The government says the existing royalties-based system of taxing miners is inefficient. According to the government report outlining the RSPT:

The current charging arrangements fail to collect a sufficient return for the community because they are unresponsive to changes in profits, particularly [the] output-based royalties [system] … Existing resource taxes and royalties have collected a declining share of the return to resources over the recent period of increasing profitability for the resource sector.

The 40 per cent profits tax would not only raise cash (lots of it: a projected A$9bn per year) but simplify a state-by-state mess of tax regimes. Tom King, mining tax specialist at KPMG of Toronto, says:”There is no question that changes were due in respect to current [Australian] system, where there were imbalances. Australia did not get the right upside when they had spikes in commodity prices.”

Tough criticisms

But, King argues, “the way it has been done is not the right answer.”

Most Australian mining executives agree with the need for a new tax regime in principle, and some have pushed for profits-based taxes. But they have some tough criticisms of the current plan:

1) Market prices and capital spending follow different cycles. High corporate profits come and go with the commodity cycles, but capital expenditure is relatively constant. Miners sometimes take a decade or more to implement investments – and it is all sunk costs before the costly business of hauling the rock out starts to pay off. High profits today, in other words, are paying off investments from 10 years ago AND funding the next decade’s capex .

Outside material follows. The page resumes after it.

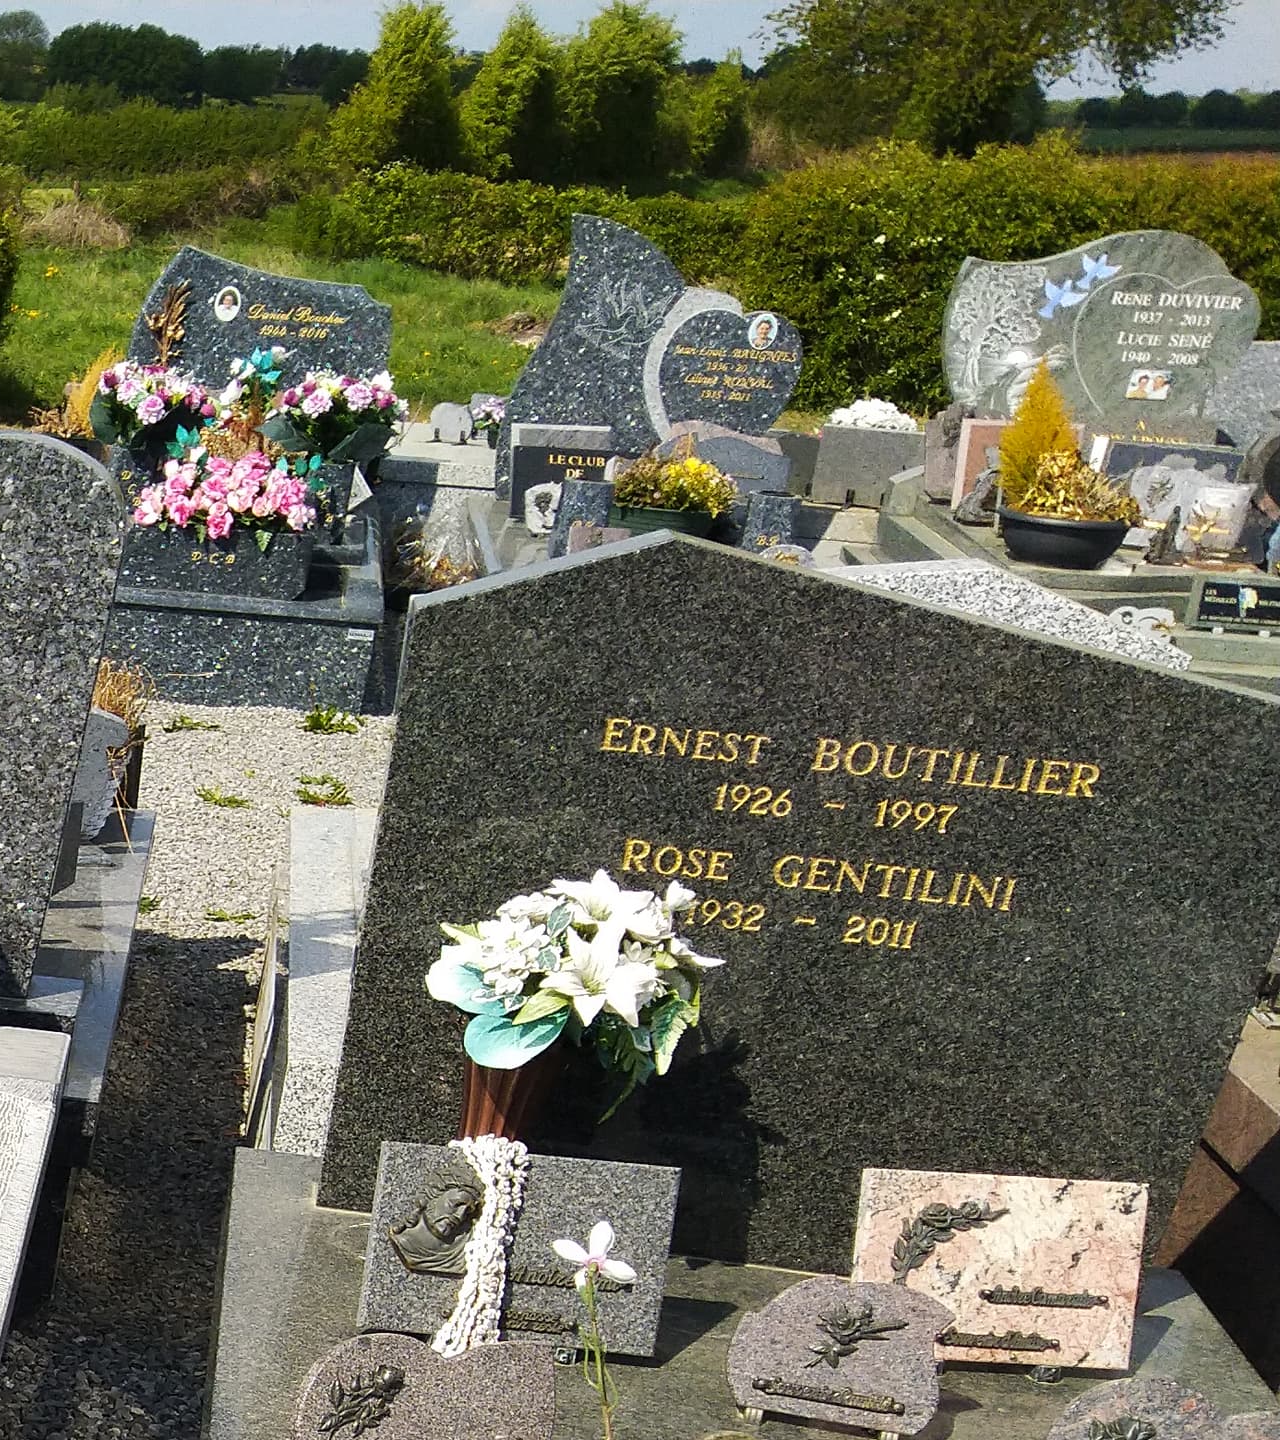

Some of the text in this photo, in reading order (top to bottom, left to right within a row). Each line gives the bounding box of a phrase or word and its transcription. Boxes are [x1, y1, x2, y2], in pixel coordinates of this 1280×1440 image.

2) The “super-profits” threshold is too low. By saying a “super-profit” is anything above the long-term bond rate of approximately 6 per cent, the government is essentially saying that all profits are super-profits taxable at 40 per cent. Mining companies’ cost of capital is above six per cent and they typically only go through with projects that yield a 15 per cent rate of return or higher, because of the risks involved

3) The new tax rate should only apply to new projects. Existing schemes were undertaken assuming certain rates of return based partly on tax assumptions. Imposing big changes would damage some projects and kills others.

4) Taxes should vary by commodity. Some commodities are super-profitable, like iron ore today, and some are not (eg gravel). Super-profits taxes are feasible for some resources but should not apply at all to others.

Not the last word

For other governments in other countries the obvious conclusion is that there is nothing in these arguments, on either side, that is unique to Australia. If commodity prices stay high, expect more tax plans and more arguments.